> _Data_

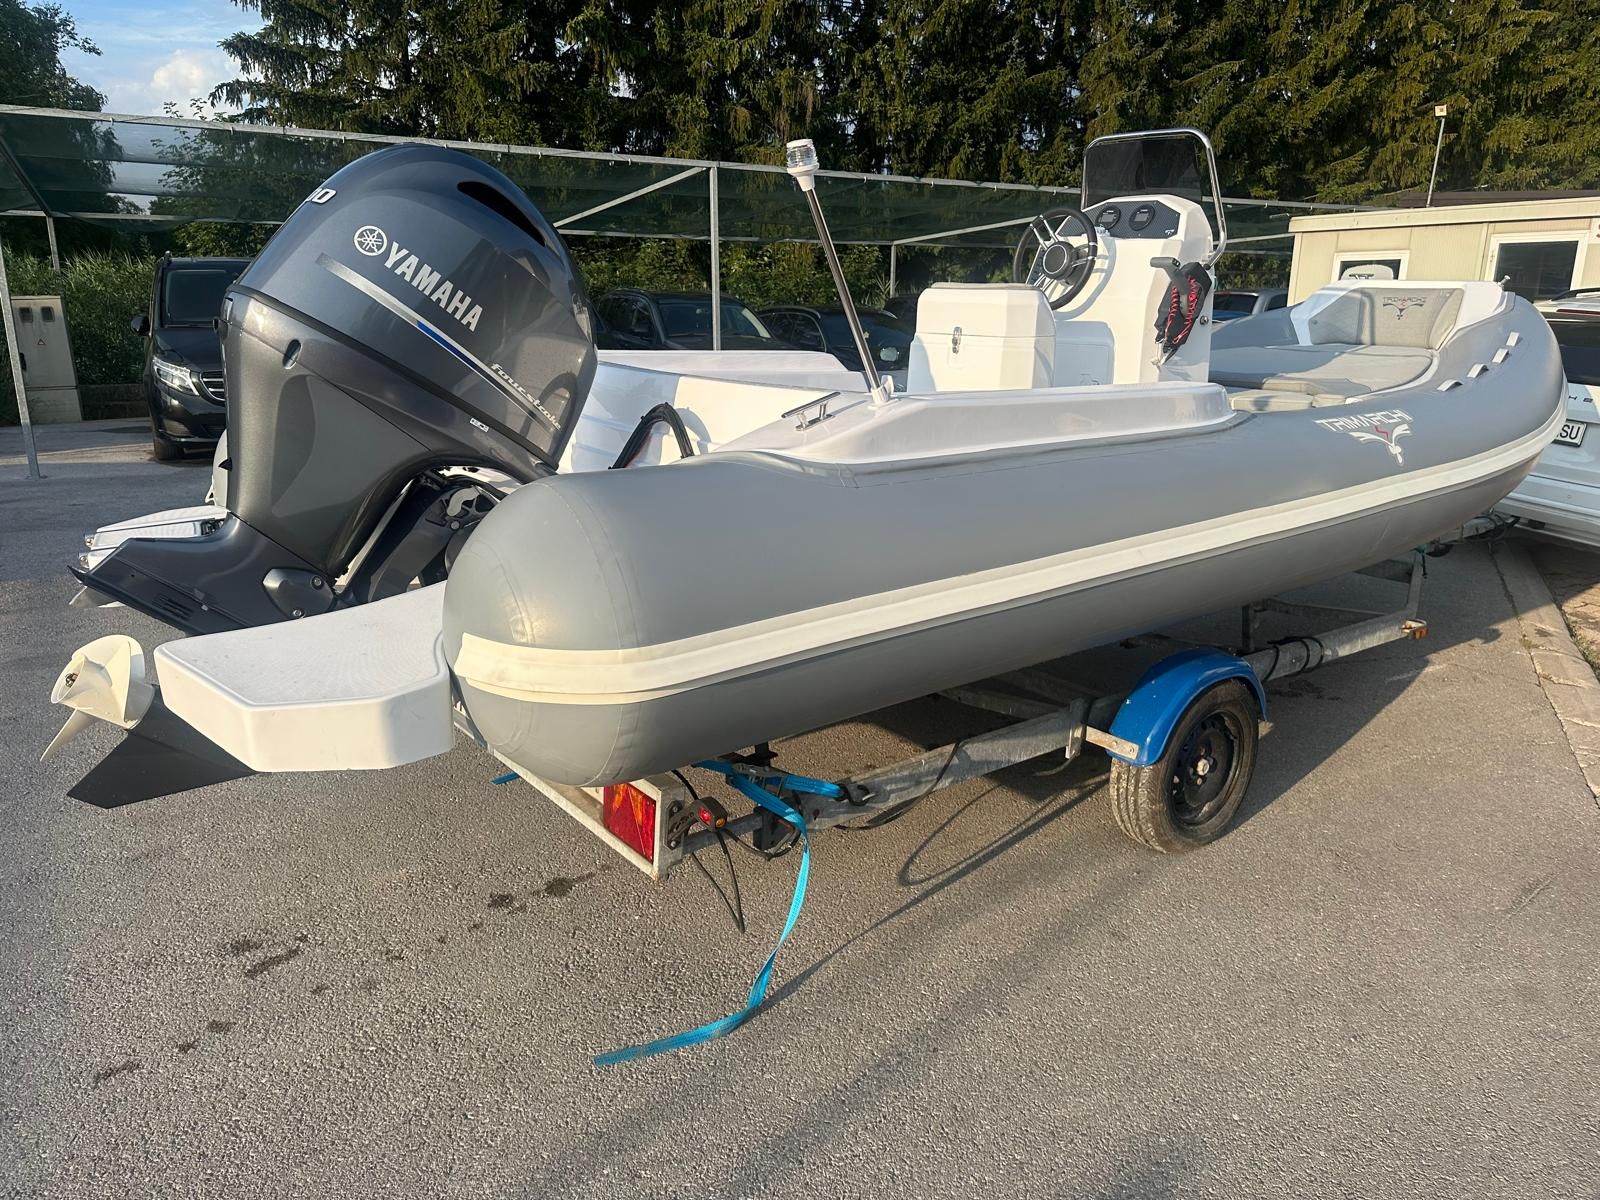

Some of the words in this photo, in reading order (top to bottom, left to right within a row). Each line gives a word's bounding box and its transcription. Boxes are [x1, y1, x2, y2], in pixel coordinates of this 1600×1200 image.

[384, 241, 483, 332] YAMAHA
[1313, 409, 1413, 432] TRIMARCHI
[1557, 424, 1580, 440] SU
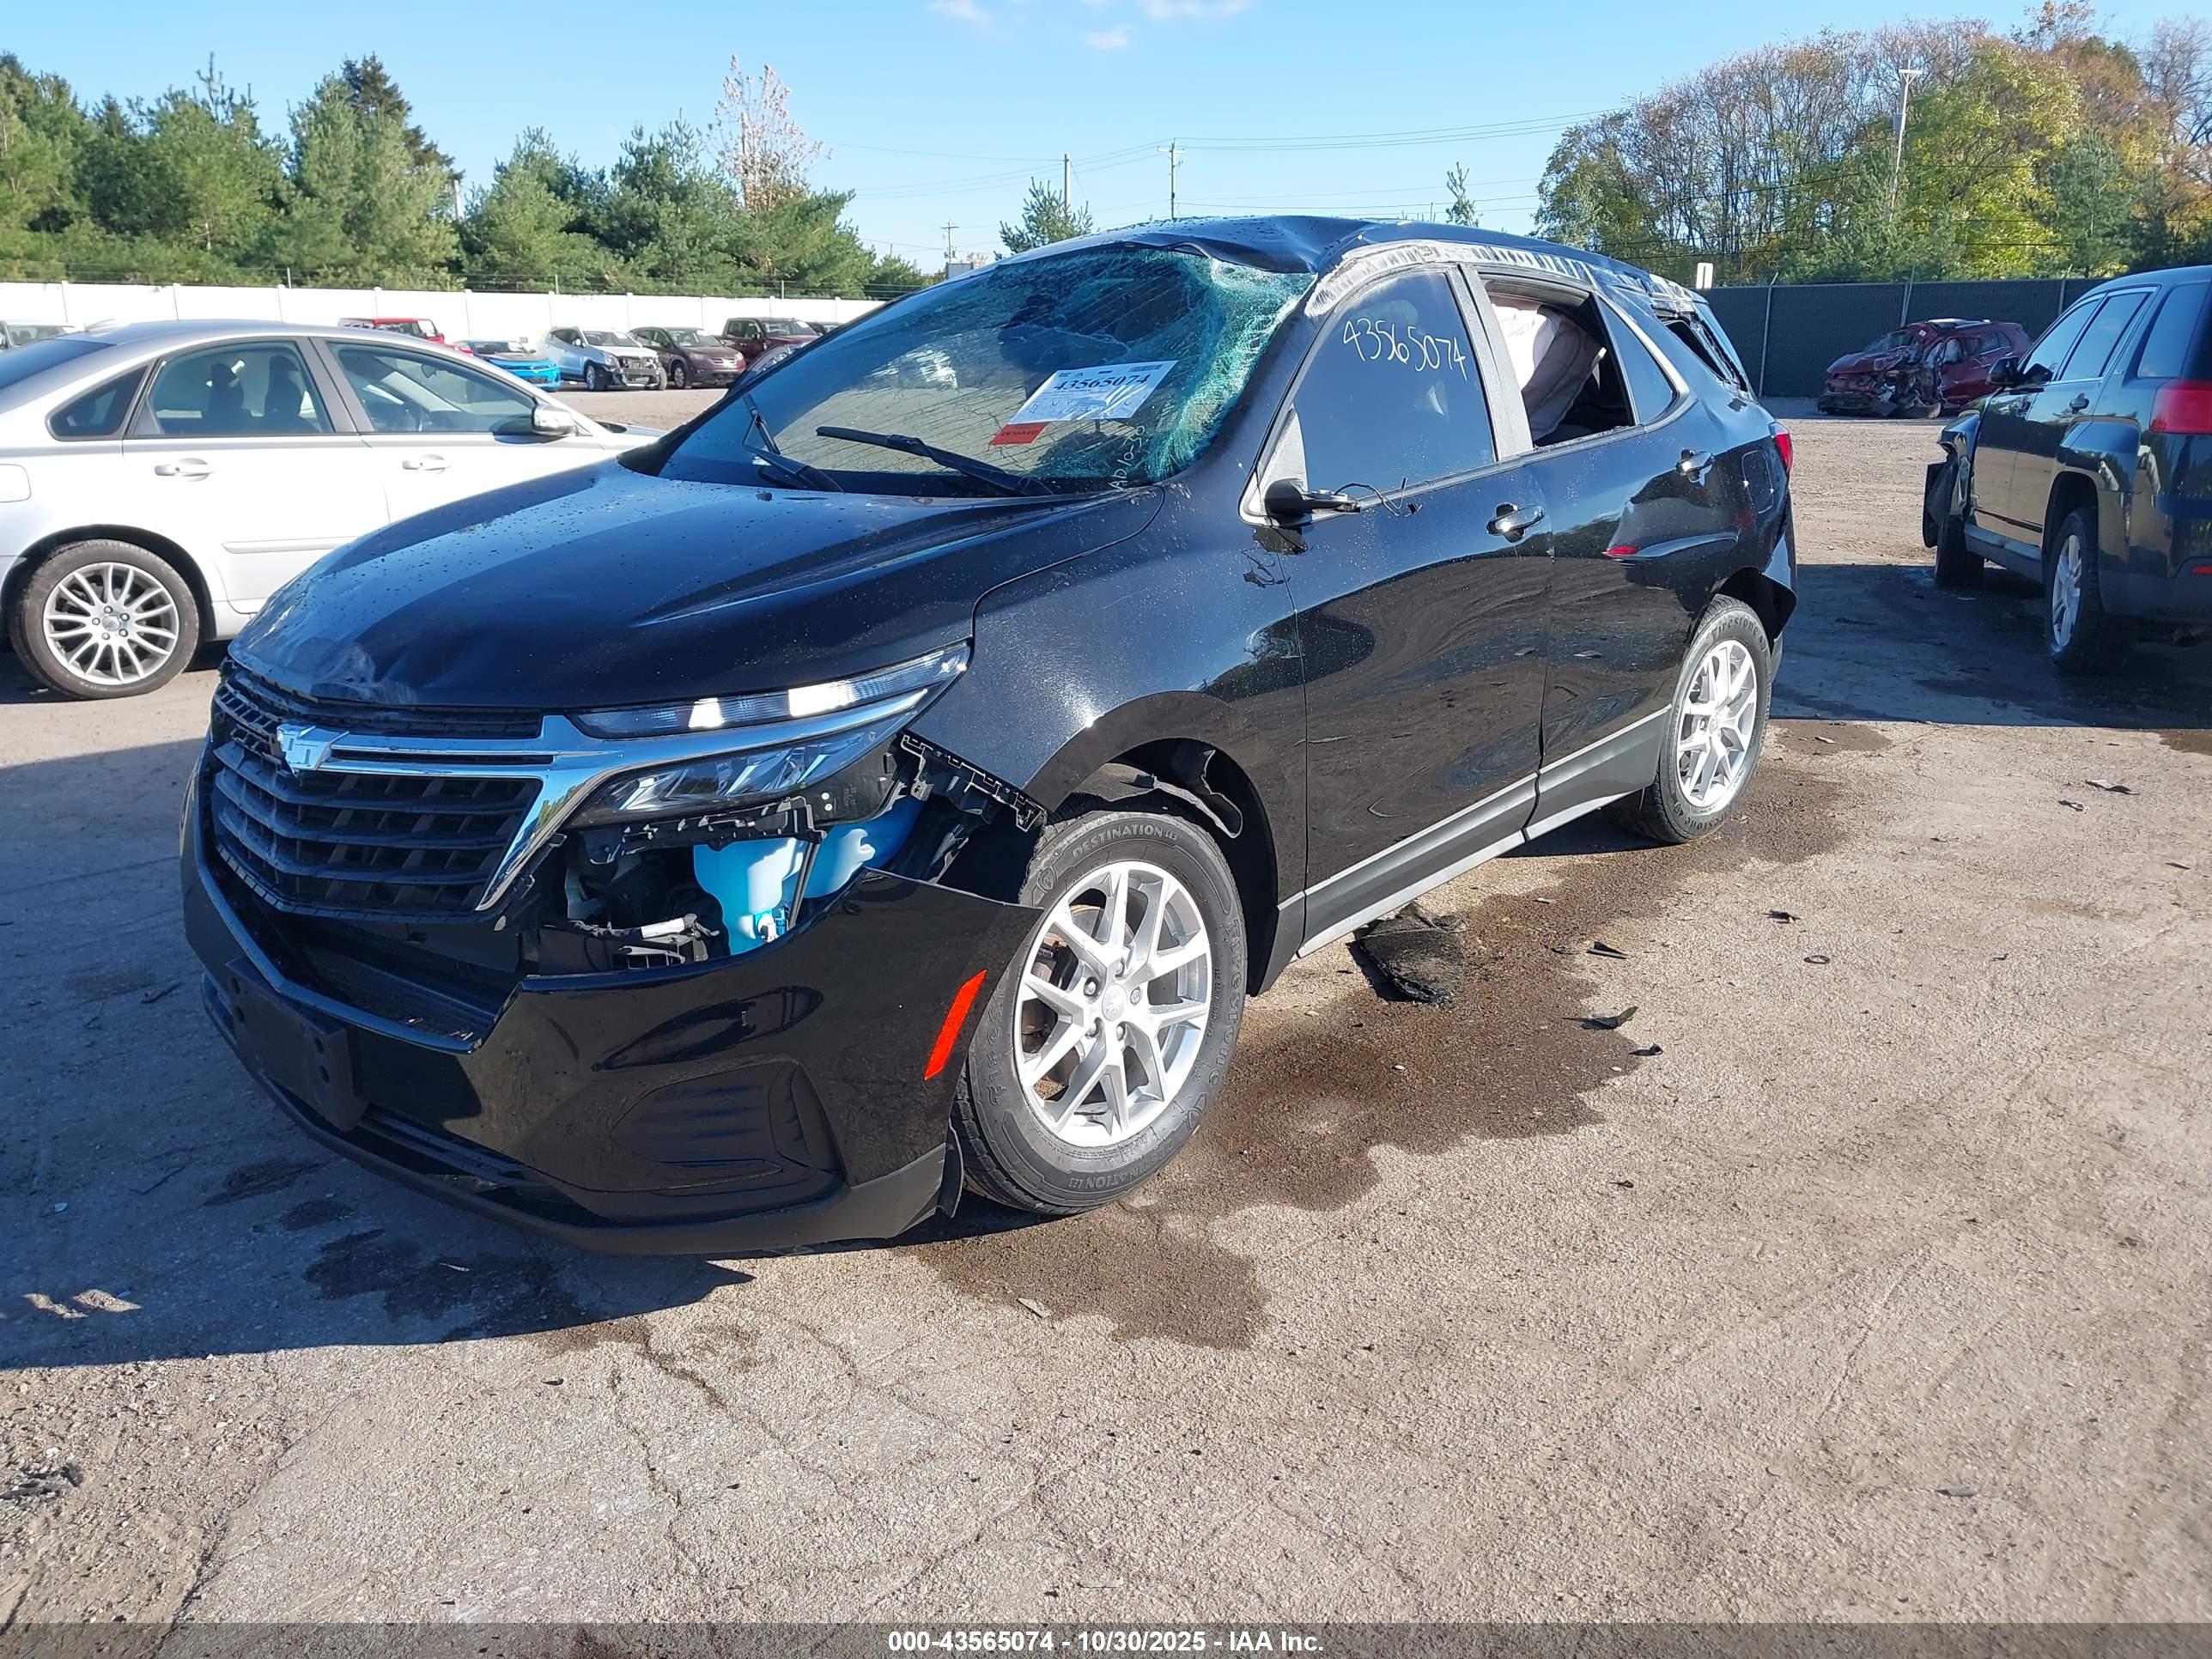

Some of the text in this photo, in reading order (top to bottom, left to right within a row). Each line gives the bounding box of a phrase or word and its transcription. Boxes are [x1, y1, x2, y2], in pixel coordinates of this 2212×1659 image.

> _Exercise objective_
Reproduce the whole listing verbatim. Pictures stay out of the copy.

> _Task output_
Some of the words in this photo, in reading order (top to bottom, left to right within a row). Each line gives a word's bounding box and its transcription. Boxes are [x1, y1, x2, y2], in pixel coordinates of this 1600×1200 image.

[384, 241, 483, 332] YAMAHA
[1313, 409, 1413, 432] TRIMARCHI
[1557, 424, 1580, 440] SU

Some of the text in this photo, in reading order (top to bottom, left to right within a row). Each line gives the bounding box of a phrase or word and its transcription. Boxes are [x1, y1, x2, y2], in pixel coordinates of this 2212×1659 image.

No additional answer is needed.